> **Problem**:
Drop the images. Copy every line below character for character.

> **Data section**:

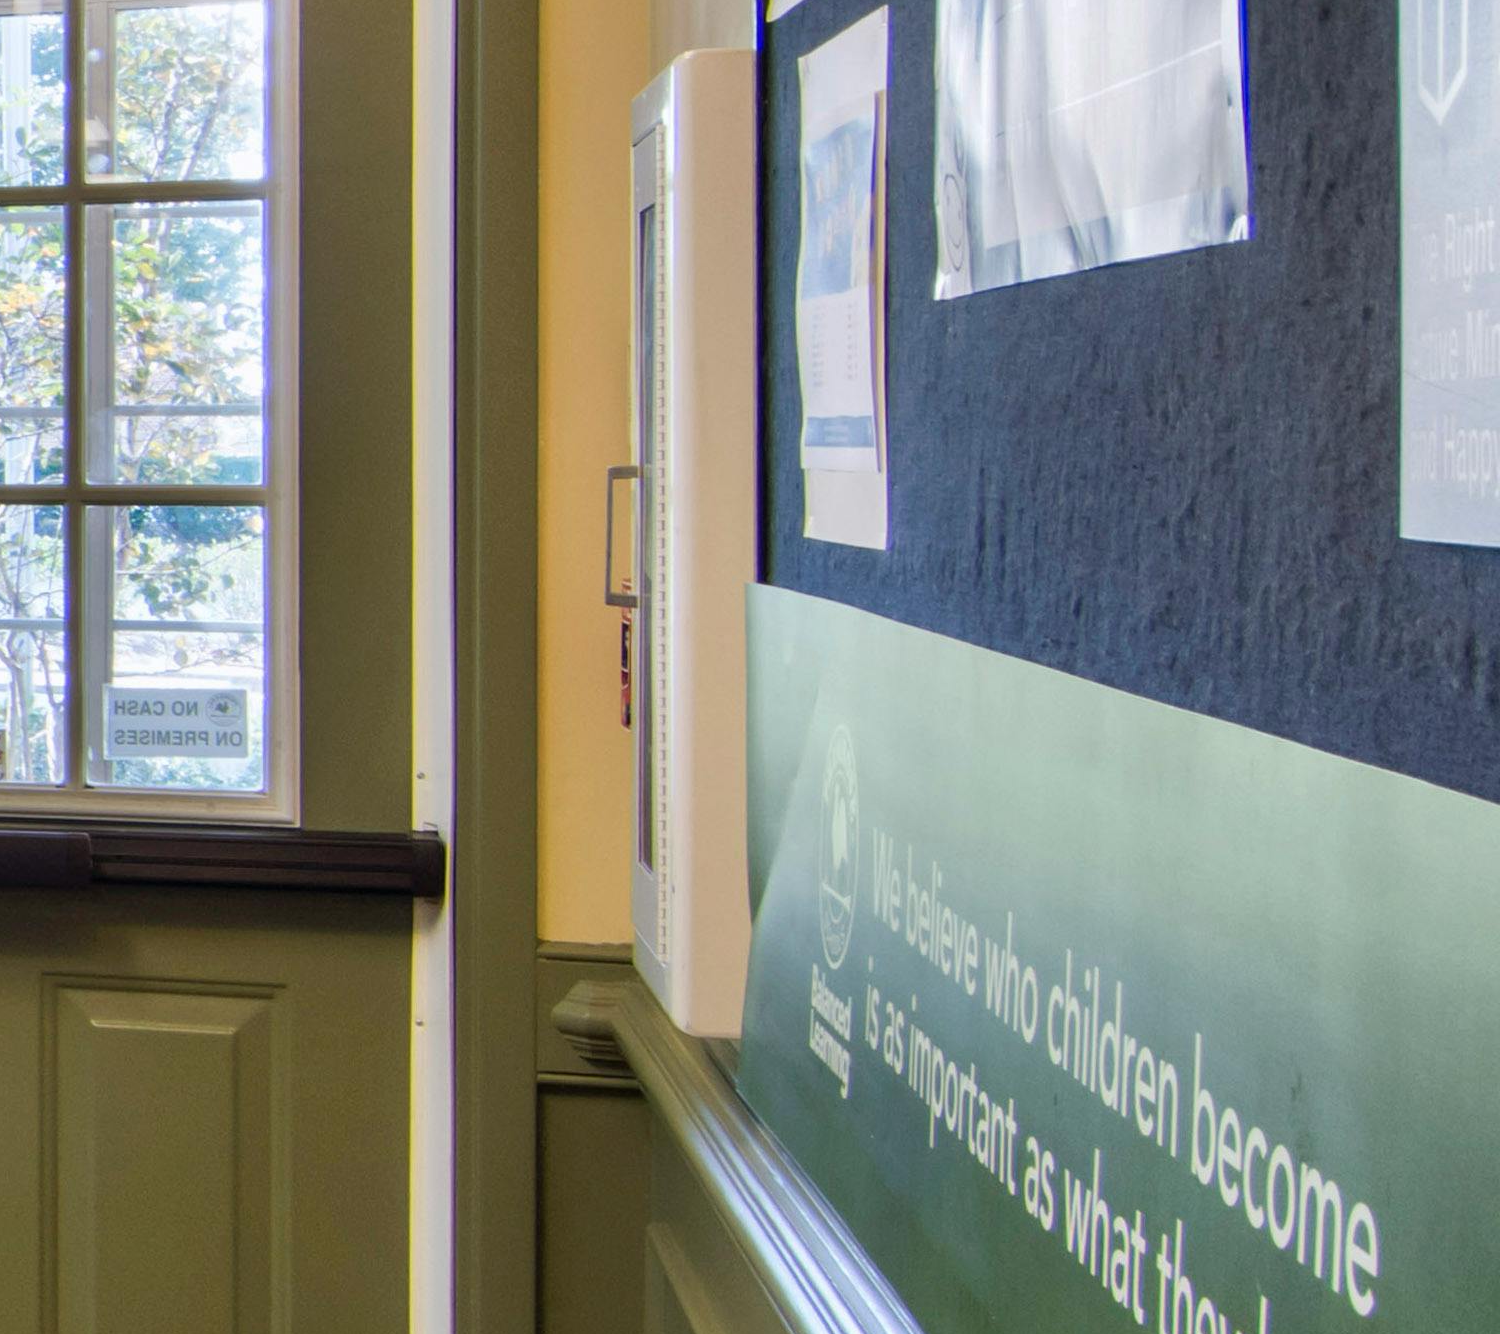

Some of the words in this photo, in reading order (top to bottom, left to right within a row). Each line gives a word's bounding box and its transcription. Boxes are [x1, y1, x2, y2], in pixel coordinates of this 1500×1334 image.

[1445, 204, 1496, 293] Right
[811, 962, 852, 1043] Balanced
[809, 1007, 851, 1100] Learning
[872, 826, 900, 932] We
[905, 843, 978, 996] believe
[985, 911, 1038, 1044] who
[1047, 947, 1179, 1158] children
[1190, 1031, 1380, 1317] become
[864, 955, 881, 1051] is
[883, 1001, 905, 1075] as
[908, 993, 1017, 1196] important
[1023, 1135, 1057, 1231] as
[1063, 1148, 1147, 1326] what
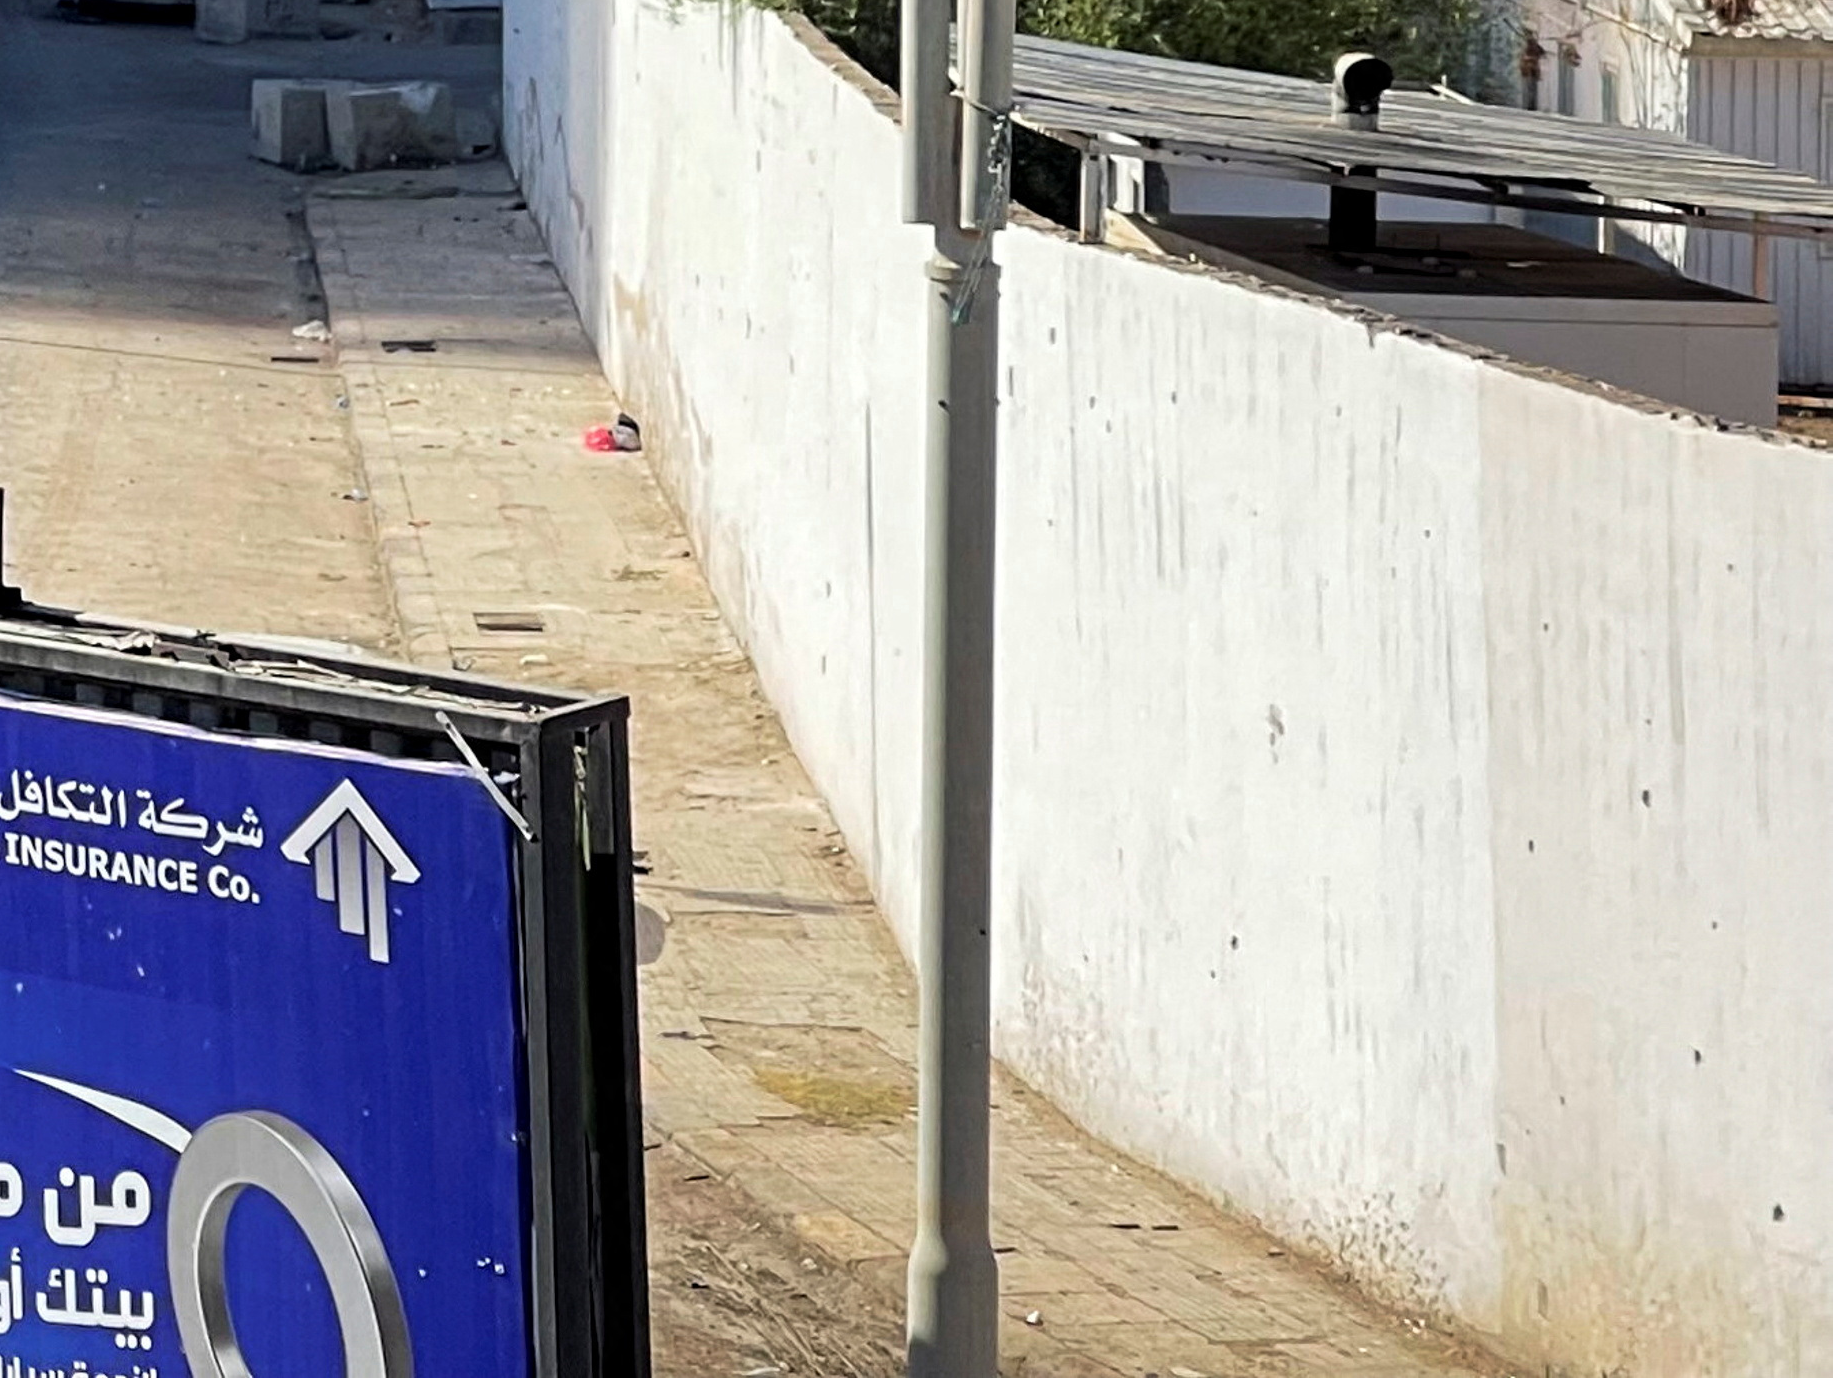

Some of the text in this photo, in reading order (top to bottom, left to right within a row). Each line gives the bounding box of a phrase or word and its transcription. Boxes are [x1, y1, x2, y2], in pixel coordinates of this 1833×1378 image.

[136, 786, 265, 856] شركة
[4, 831, 199, 894] INSURANCE
[207, 864, 262, 905] Co.
[42, 1166, 152, 1247] من
[35, 1267, 155, 1351] بيتك

> **Answer area**:
Some of the words in this photo, in reading order (top to bottom, left to right within a row). Each line gives a word's bounding box and its transcription. Boxes are [x1, y1, x2, y2], in pixel coordinates of this 1500×1334 image.

[1445, 204, 1496, 293] Right
[811, 962, 852, 1043] Balanced
[809, 1007, 851, 1100] Learning
[872, 826, 900, 932] We
[905, 843, 978, 996] believe
[985, 911, 1038, 1044] who
[1047, 947, 1179, 1158] children
[1190, 1031, 1380, 1317] become
[864, 955, 881, 1051] is
[883, 1001, 905, 1075] as
[908, 993, 1017, 1196] important
[1023, 1135, 1057, 1231] as
[1063, 1148, 1147, 1326] what

Some of the text in this photo, in reading order (top to bottom, left to right within a row). Each line gives the bounding box of a phrase or word and its transcription. Boxes are [x1, y1, x2, y2], in pixel coordinates of this 1833×1378 image.

[136, 786, 265, 856] شركة
[4, 831, 199, 894] INSURANCE
[207, 864, 262, 905] Co.
[42, 1166, 152, 1247] من
[35, 1267, 155, 1351] بيتك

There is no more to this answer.